Supplied data START

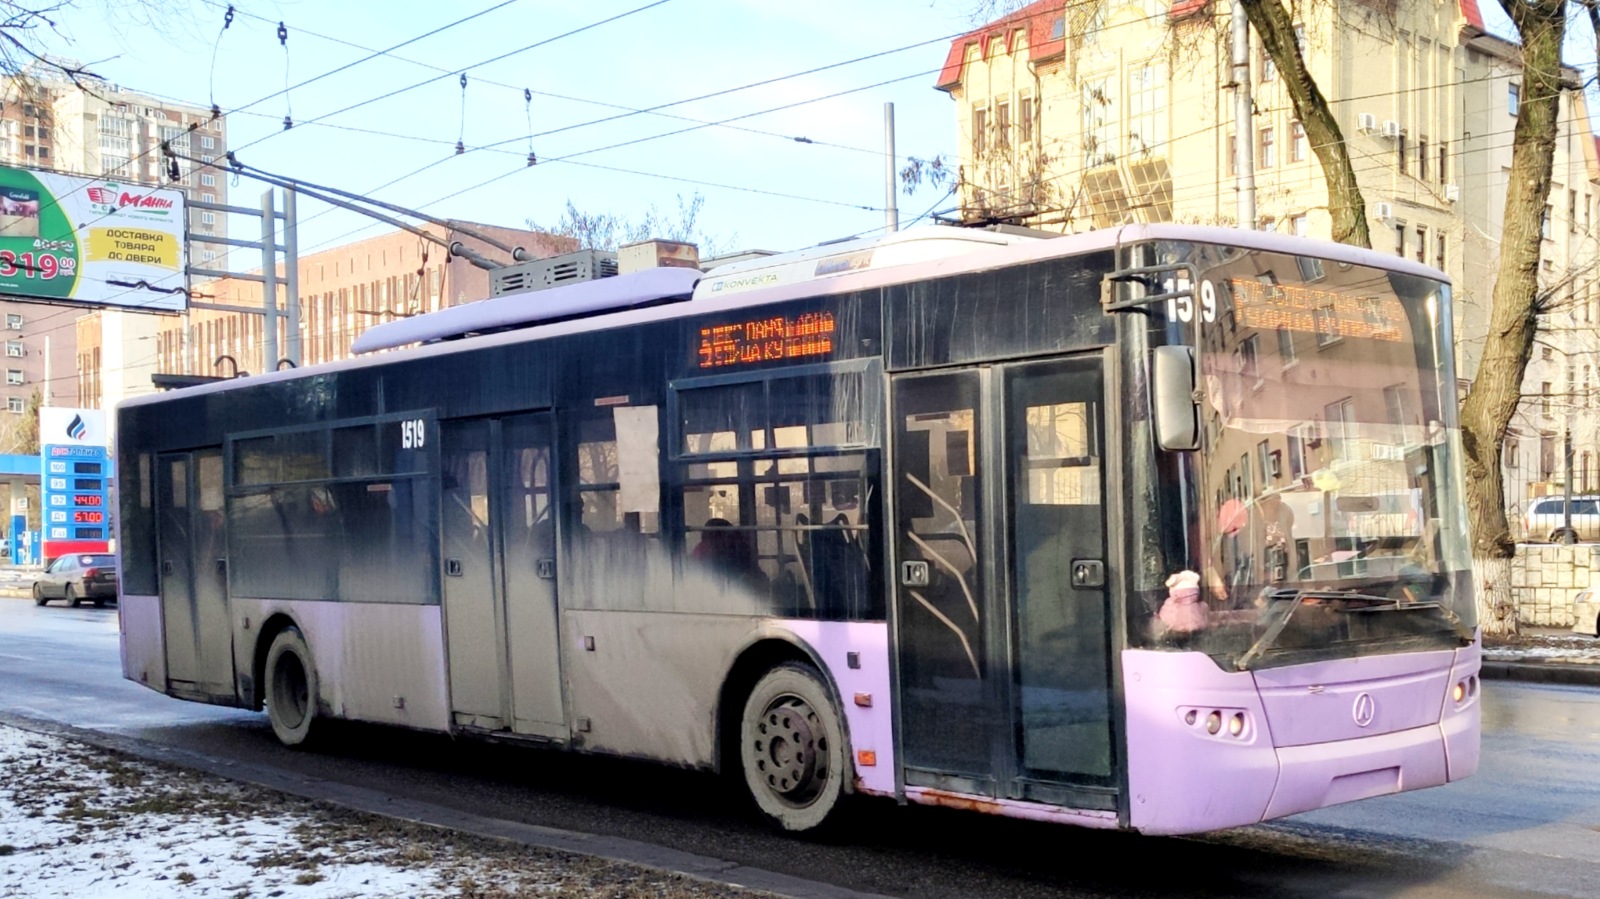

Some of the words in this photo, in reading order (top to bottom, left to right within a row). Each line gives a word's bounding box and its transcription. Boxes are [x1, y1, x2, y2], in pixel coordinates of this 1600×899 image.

[119, 192, 173, 209] МАННА
[106, 229, 163, 242] ДОСТАВКА
[114, 240, 155, 252] ТОВАРА
[0, 249, 59, 279] 319
[59, 256, 76, 269] 00
[125, 253, 162, 265] ДВЕРИ
[723, 274, 778, 290] KONVEKTA
[401, 419, 424, 448] 1519
[52, 463, 65, 471] 100
[52, 479, 64, 488] 95
[53, 495, 64, 504] 92
[74, 495, 102, 505] 44.00
[74, 511, 103, 522] 57.00

Supplied data END

## Assigned task:
Could the entries above be copied out exactly, with no pictures included?

## Response:
Some of the words in this photo, in reading order (top to bottom, left to right within a row). Each line gives a word's bounding box and its transcription. Boxes are [x1, y1, x2, y2], in pixel coordinates of this 1600×899 image.

[119, 192, 173, 209] МАННА
[106, 229, 163, 242] ДОСТАВКА
[114, 240, 155, 252] ТОВАРА
[0, 249, 59, 279] 319
[59, 256, 76, 269] 00
[125, 253, 162, 265] ДВЕРИ
[723, 274, 778, 290] KONVEKTA
[401, 419, 424, 448] 1519
[52, 463, 65, 471] 100
[52, 479, 64, 488] 95
[53, 495, 64, 504] 92
[74, 495, 102, 505] 44.00
[74, 511, 103, 522] 57.00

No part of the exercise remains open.